Sometimes this limit can increase with age, wisdom, knowledge, and experience. Sometimes it decreases because of those very same things.
Your limit may not be the same as others limits, that’s just a wonder of diversity. However, we all have them. At some point, not only will we reach the end of our capacities, but also the end of our existence. That’s the final limit. The one where our body has had enough and ceases to function.
There’s courage to be found in facing our limits, in pushing the boundaries of our existence to encompass more of life. Beware the temptation to stare them in the face though because they are vast and uncaring. No matter how prepared you might be, there will come a time when they move no further.
Flow
It’s a state of being fully present to the task in front of you in such a way that your skill, creativity, and performance are at their peaks. Often, we lose track of time and an awareness of our surroundings.

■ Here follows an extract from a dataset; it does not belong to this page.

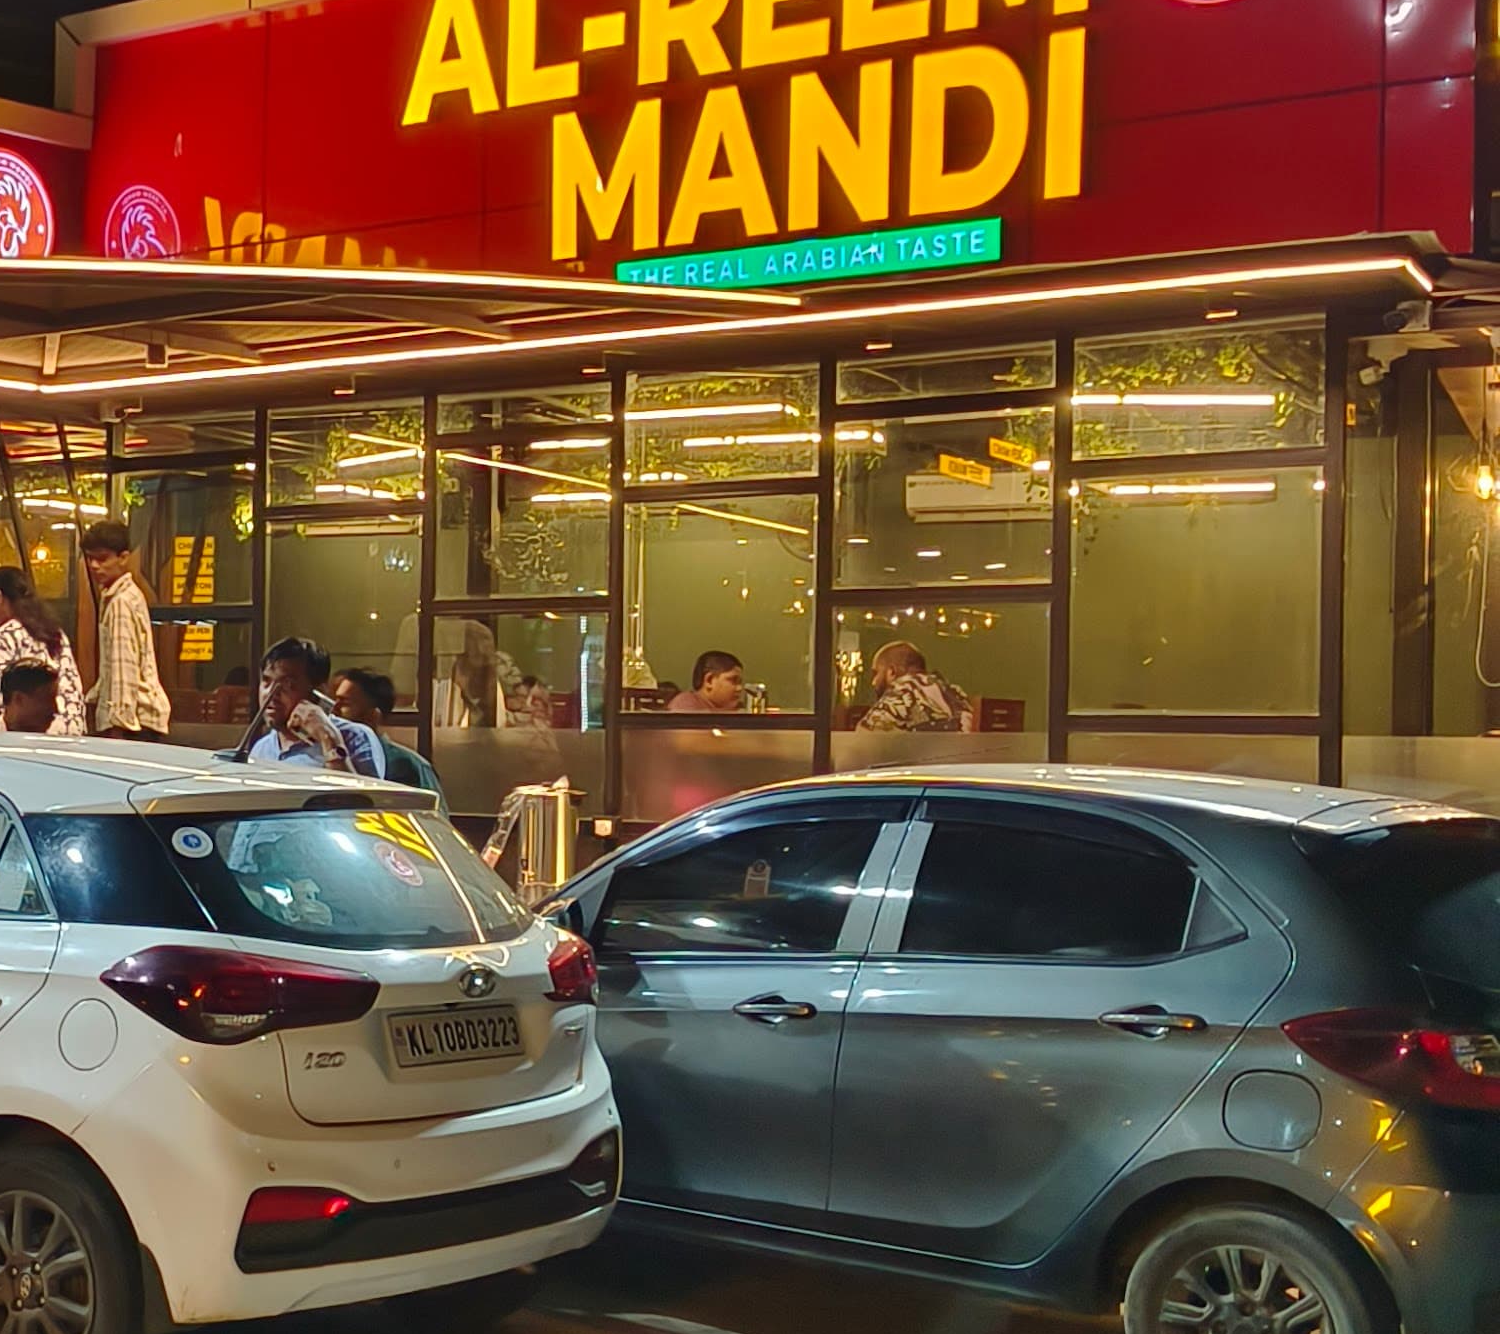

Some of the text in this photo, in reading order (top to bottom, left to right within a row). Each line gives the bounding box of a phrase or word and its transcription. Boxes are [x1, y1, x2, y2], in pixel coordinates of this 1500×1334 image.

Here’s a name I’ll never try and pronounce out loud: Mihaly Csikszentmihalyi. He’s the one who pretty much started this idea of flow. Through his research he lists several factors that signify a flow state: (1) balance between challenge and skill, (2) merging of action and awareness, (3) clarity of goals, (4) intrinsic rewards, (5) concentration, (6) letting go of the need to control, (7) transformation or loss of time, and (8) loss of self-consciousness.
Now, achieving all of these at once might be akin to finding a needle in a haystack. However, I think many of us can point to moments when a majority of these conditions have been met in our lives.
I think true flow states are fewer and farther between than I’d like for them to be. I want to believe I spend more time in the zone than out of it, but I’m not sure the evidence bears that conclusion. I do know when I’m there though, and it is something worth chasing to try and find.
I’m left to wonder if we cannot control when these moments occur, only hold on tight and take the ride for all it’s worth.
Forgiveness
I am always amazed at the people who forgive quickly, especially when the harm they’ve experienced seems egregious. I don’t know if I could do it.
When my imagination rumbles into visions of loved ones being hurt, my first inclination is revenge, not forgiveness. It’s all “eye for an eye” and rarely “turn the other cheek.” I imagine wanting someone to feel the pain I believe I would experience.
Maybe that’s what forgiveness is ultimately about, stopping the cycle of pain. It’s agreeing, believing, acting out the idea that exchanging traumas provides little long-term relief.
Psychologically, there’s a relief that can come with forgiveness. It can provide an ending to a story, one where we have some influence rather than feeling out of control. When we can make choices about our future, we take away others’ ability to cause us pain.
It’s not a get out of jail free card for perpetrators. Forgiveness is our prerogative, but restoration is a whole other ball game. Just because we forgive someone, doesn’t mean we have to continue to relate to them or let them back into our lives.
Sometimes the best way to stop pain is to not be around the ones who cause it.
Formation
It’s just a fancy word for development. It’s probably used more in religious spaces than psychological ones.
It can signal growth, intention, and particular practices that cause shifts in identities and practices. Feel free to get fancy when you’re trying something new and call it formation.